Aligning a pretrained LM \(\pi_0\) with preferences encoded by a reward function \(r\) is essentially a Bayesian inference problem. Intuitively, Bayesian inference is the problem updating a distribution to conform with new evidence. Given the prior probability \(p(h)\) of a hypothesis \(h\) and likelihood \(p(e\vert h)\) of evidence \(e\) assuming \(h\), the posterior probability of \(h\) is given by the Bayes’ theorem: \(p(h\vert e) \propto p(e\vert h)p(h)\). In our setting, we’re updating \(\pi_\theta\), which initially equal to a prior \(\pi_0\) to conform with evidence provided by the assumption that \(\pi_\theta\) is optimal in terms of \(r\). A reward function can be represented as a distribution over \(\mathcal{X}\) that makes high-reward sequences more likely that low-reward sequences. A simple way of doing that is exponentiating the reward \(r(x)\) and then rescaling it to be a normalised probability distribution. Then, the posterior is given by:

\[\pi^*_\text{KL-RL}(x) = \frac{1}{Z}a(x)\exp(r(x)/\beta)\]where \(\pi_0\) is the prior, \(\exp(r(x)/\beta)\) is the evidence provided by the reward function (scaled by temperature \(\beta\)) and \(Z\) is a constant ensuring that \(\pi^*_\text{KL-RL}\) is a normalised probability distribution. \(\pi^*_\text{KL-RL}\) represents a version \(\pi_0\) updated to account for the reward \(r\). It also happens to coincide with the optimal policy for \(J_\text{KL-RL}\):

\[\pi^*_\text{KL-RL} = \text{argmax}_\theta J_\text{KL-RL}(\theta)\]Moreover, the KL-regularised RL objective can be cast as minimising the KL divergence between the LM \(\pi_\theta\) and this target distribution \(\pi^*_\text{KLRL}\):

\[J_\text{KLRL}(\theta) \propto -\text{KL}(\pi_\theta, \pi^*_\text{KLRL})\]That’s a *different* KL than the KL penalty term \(\text{KL}(\pi_\theta,\pi_0)\) we’ve seen before. Minimising this new KL is equivalent to variational inference, a well-known approach to approximating Bayesian inference. More formally, \(J_\text{KL-RL}(\theta)\) is the evidence lower bound (ELBO) on the log likelihood of \(\pi_\theta\) being optimal under \(r\), assuming a prior \(\pi_0\). Minimising this bound makes \(\pi_\theta\) approximate the true posterior \(\pi^*_\text{KL-RL}\). A derivation of these equalities can be found in the appendix below.

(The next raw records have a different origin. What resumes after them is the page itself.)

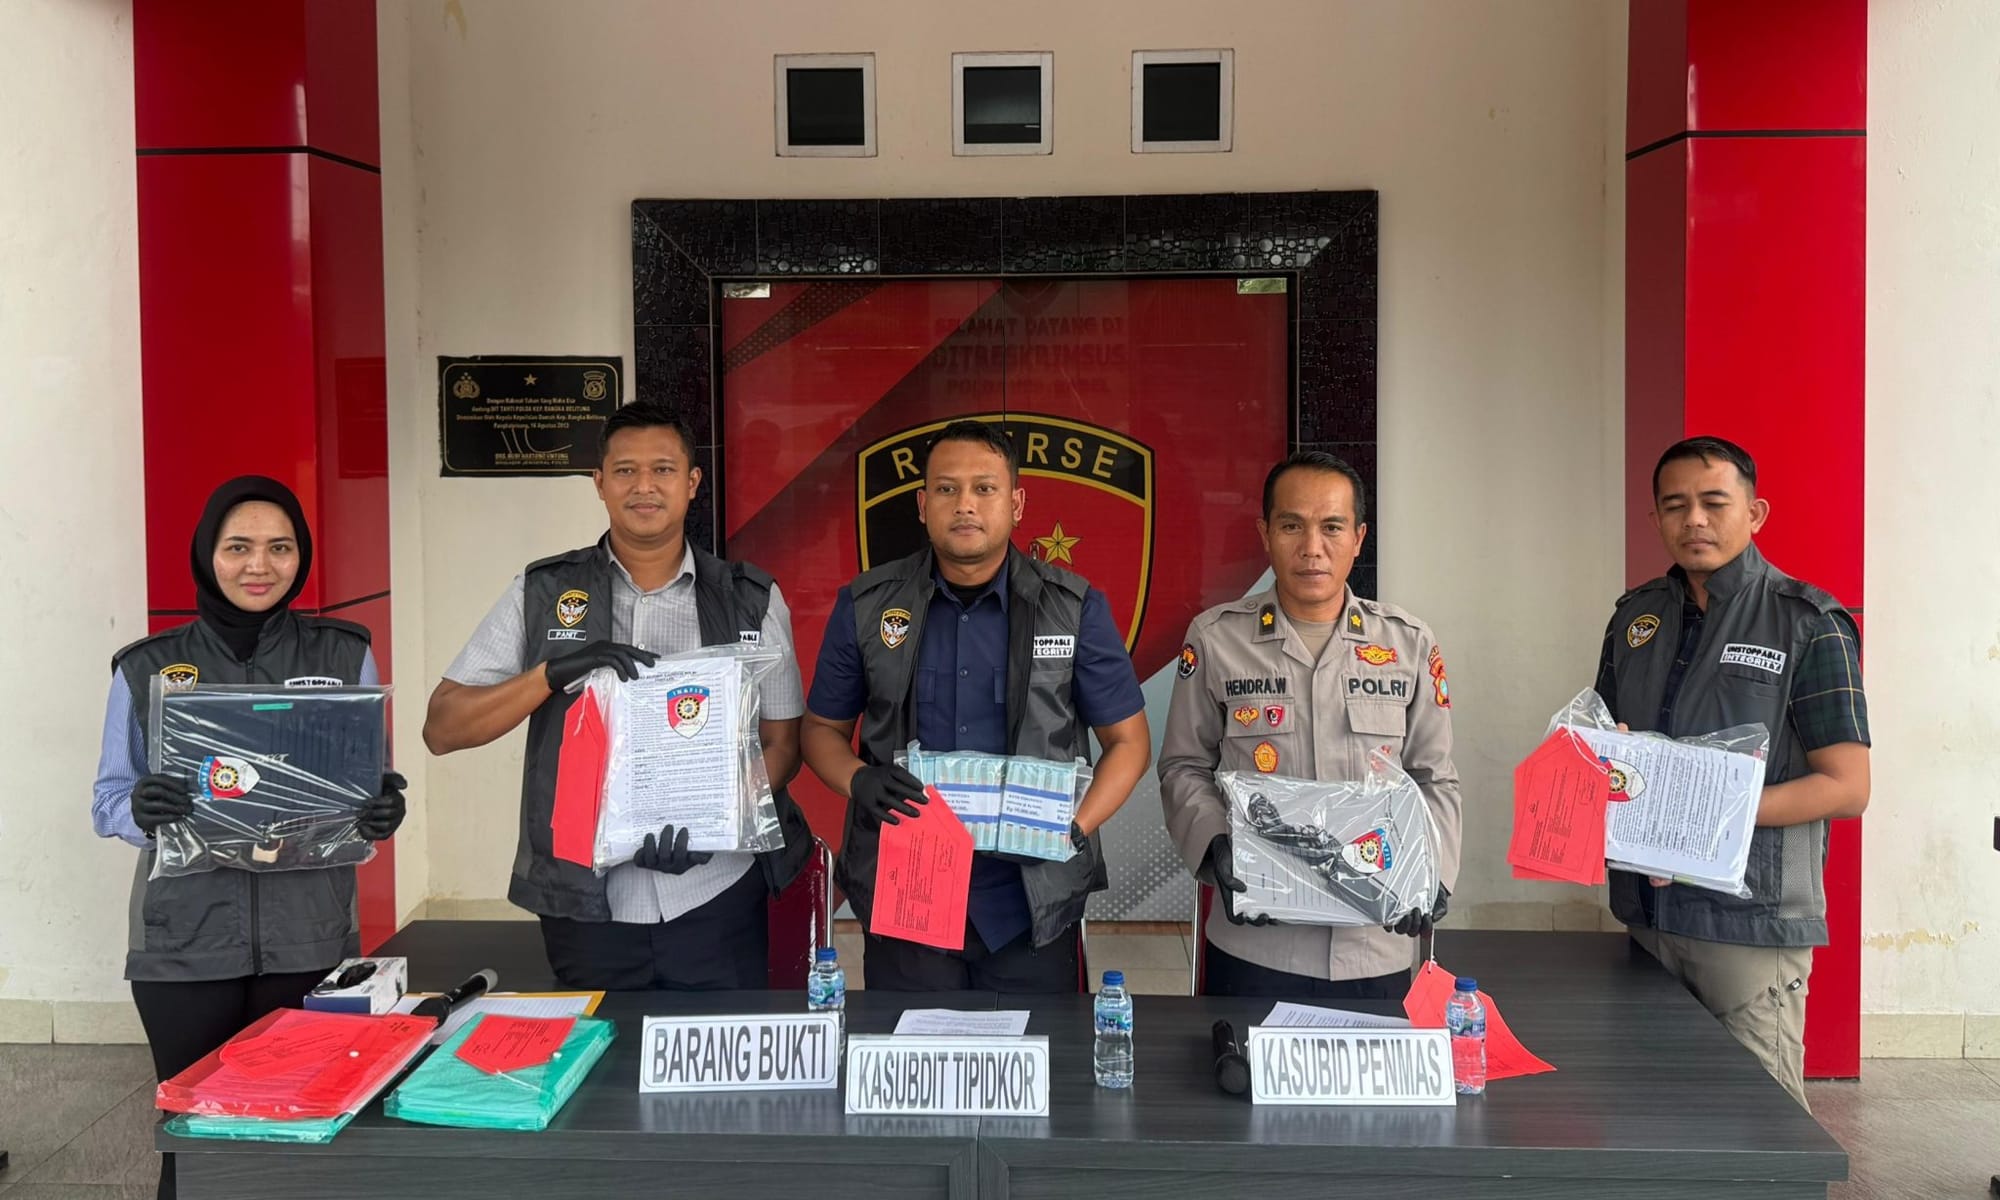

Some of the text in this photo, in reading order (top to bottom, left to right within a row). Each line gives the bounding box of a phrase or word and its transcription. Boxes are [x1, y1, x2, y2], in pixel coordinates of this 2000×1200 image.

[1722, 653, 1782, 672] INTEGRITY
[1727, 646, 1783, 661] UNSTOPPABLE
[1225, 678, 1286, 696] HENDRA.W
[1348, 678, 1407, 697] POLRI
[652, 1024, 827, 1083] BARANG BUKTI
[1261, 1037, 1351, 1096] KASUBID
[1356, 1037, 1441, 1096] PENMAS
[857, 1050, 1036, 1110] KASUBDIT TIPIDKOR
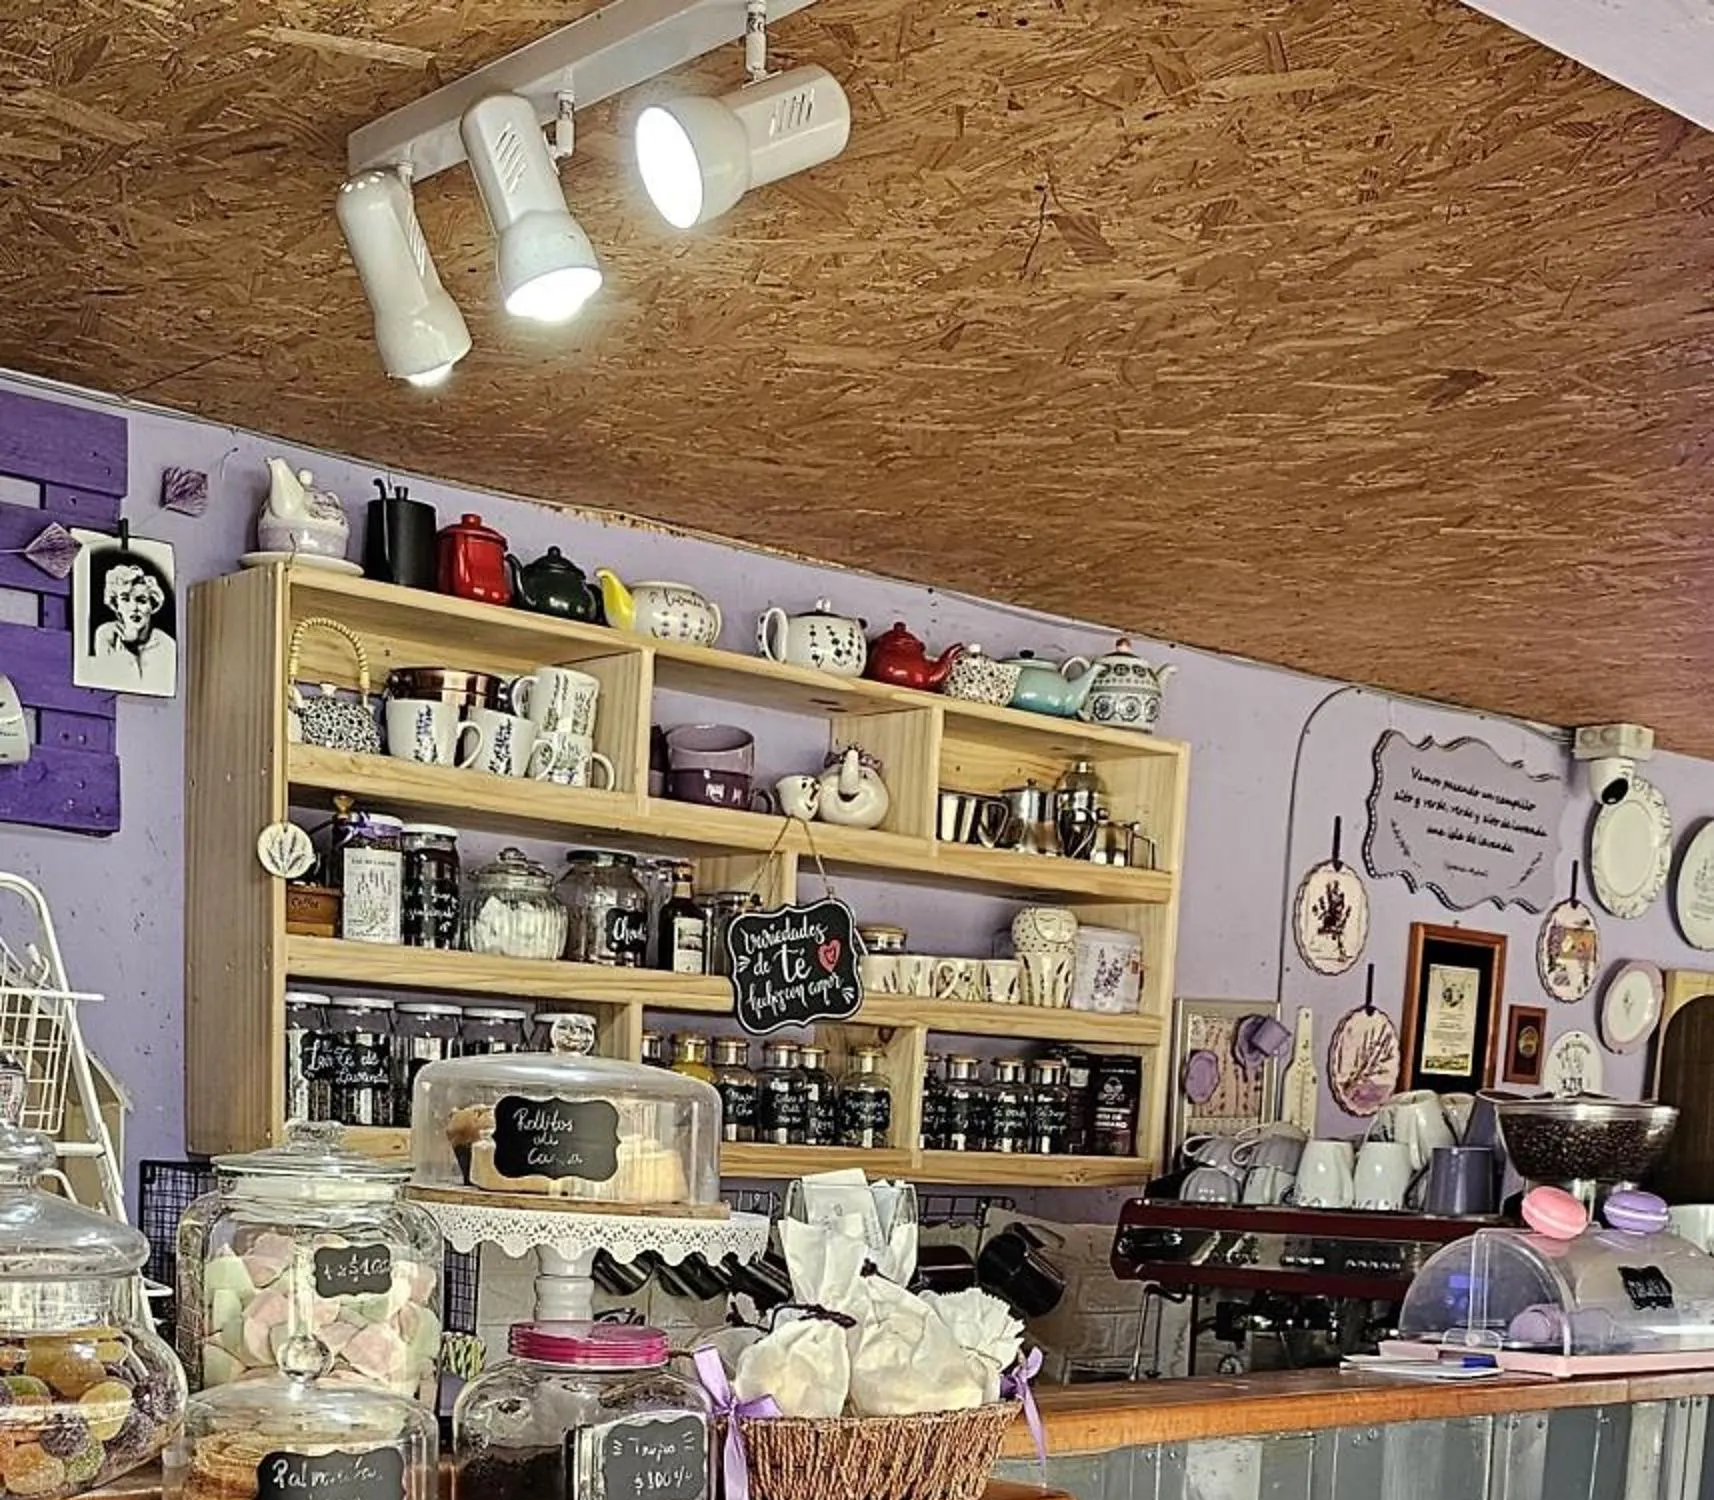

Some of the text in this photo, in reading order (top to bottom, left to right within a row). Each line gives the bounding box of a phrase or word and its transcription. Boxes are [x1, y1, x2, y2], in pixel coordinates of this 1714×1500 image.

[739, 914, 829, 955] Variedades
[753, 943, 812, 983] de té
[512, 1107, 574, 1132] Rollitos
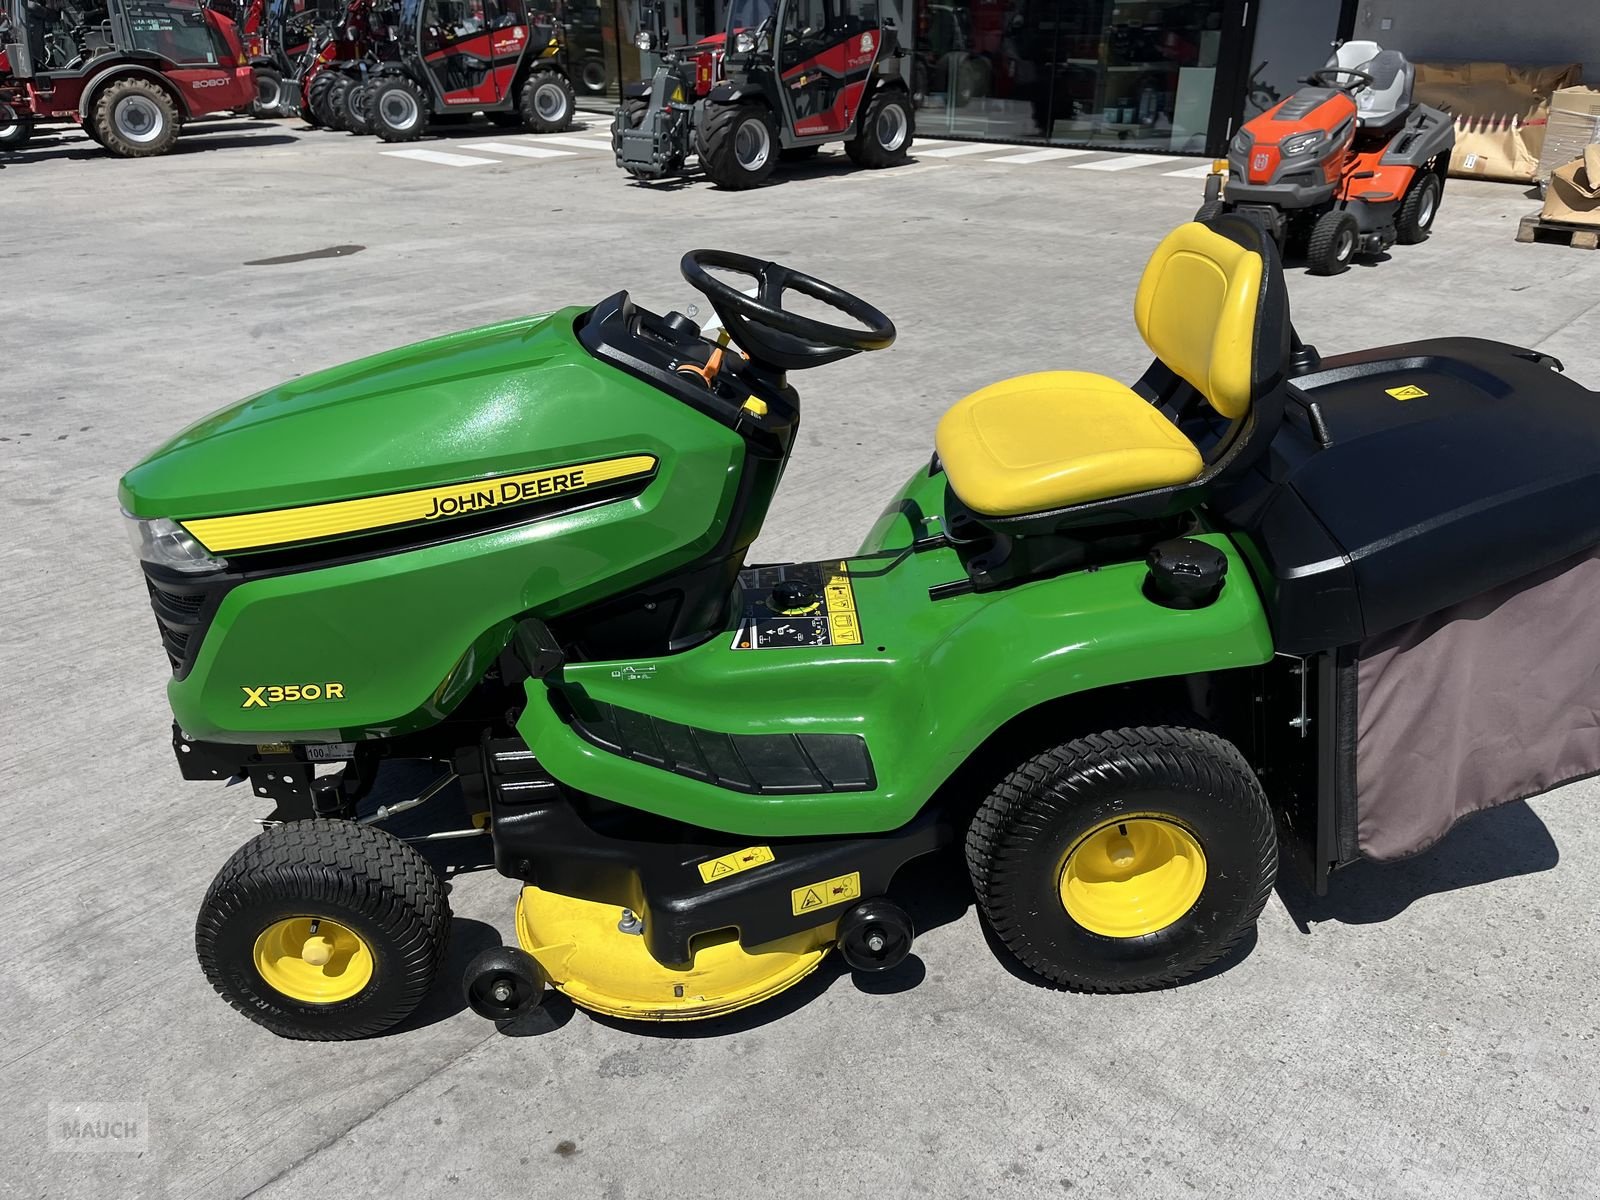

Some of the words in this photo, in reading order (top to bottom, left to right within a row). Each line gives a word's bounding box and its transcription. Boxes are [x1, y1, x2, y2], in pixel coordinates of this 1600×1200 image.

[425, 489, 495, 517] JOHN
[501, 470, 585, 502] DEERE
[241, 683, 322, 708] X350
[325, 682, 346, 700] R
[308, 748, 324, 758] 100
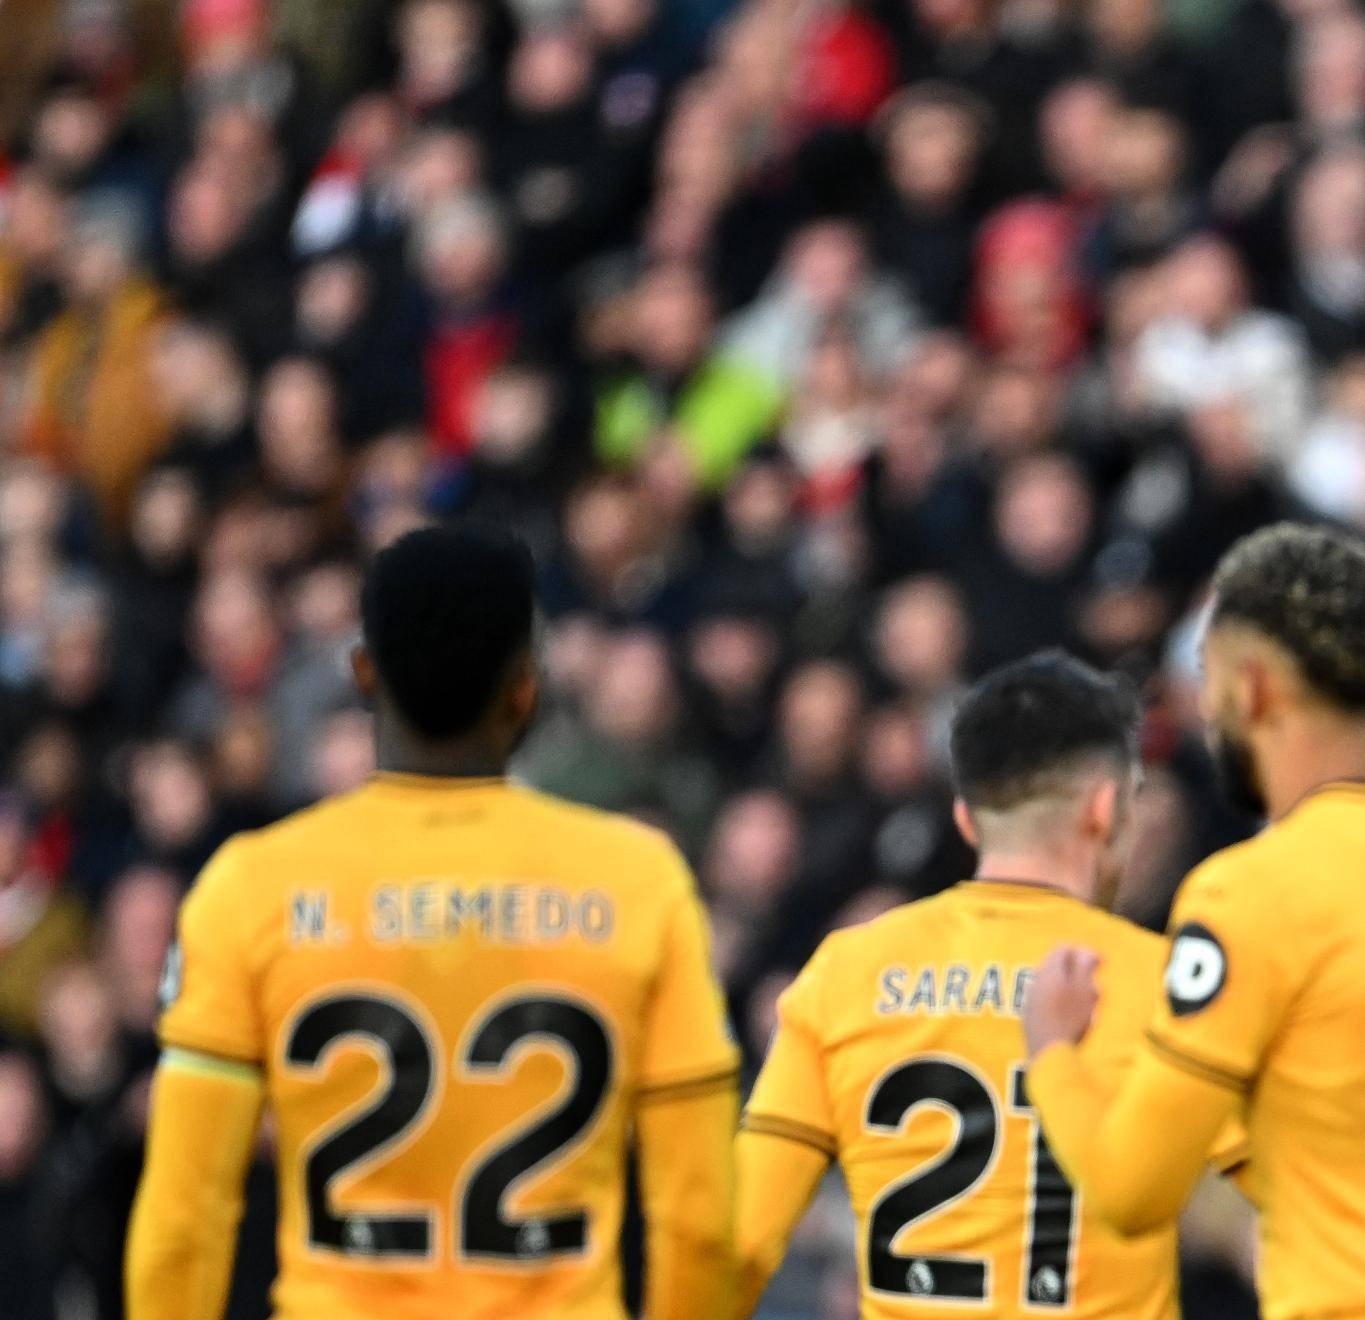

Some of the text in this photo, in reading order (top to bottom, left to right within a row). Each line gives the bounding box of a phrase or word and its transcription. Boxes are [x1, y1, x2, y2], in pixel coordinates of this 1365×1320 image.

[370, 878, 616, 945] SEMEDO
[279, 983, 617, 1265] 22
[863, 1052, 1081, 1310] 21

Why is this picture insightful? For one, it explains where the KL penalty term \(\beta\text{KL}(\pi_\theta,\pi_0)\) in KL-regularised RL’s original objective comes from. It is necessary to transform the problem from RL to minimising a divergence from a target distribution \(\pi^*_\text{KL-RL}\). This in turn makes the distributional character of an LM a first-class citizen which explains why KL-regularised RL is able to maintain the fluency and diversity of the original LM \(\pi_0\).

## Separation of modelling and inference

In the last section, I have argued that KL-regularised RL is secretly variational inference and that this vantage points elegantly explains why it works. Here I explore a different advantage this Bayesian perspective. Essentially, what it says is that aligning an LM with human preferences is a two-step process:

- First, you define a distribution specifying the desired behaviour of your LM. A principled way of doing that is using Bayes’ rule to define a posterior like \(\pi^*_\text{KL-RL}\),
- Second, you figure out how to sample from your posterior.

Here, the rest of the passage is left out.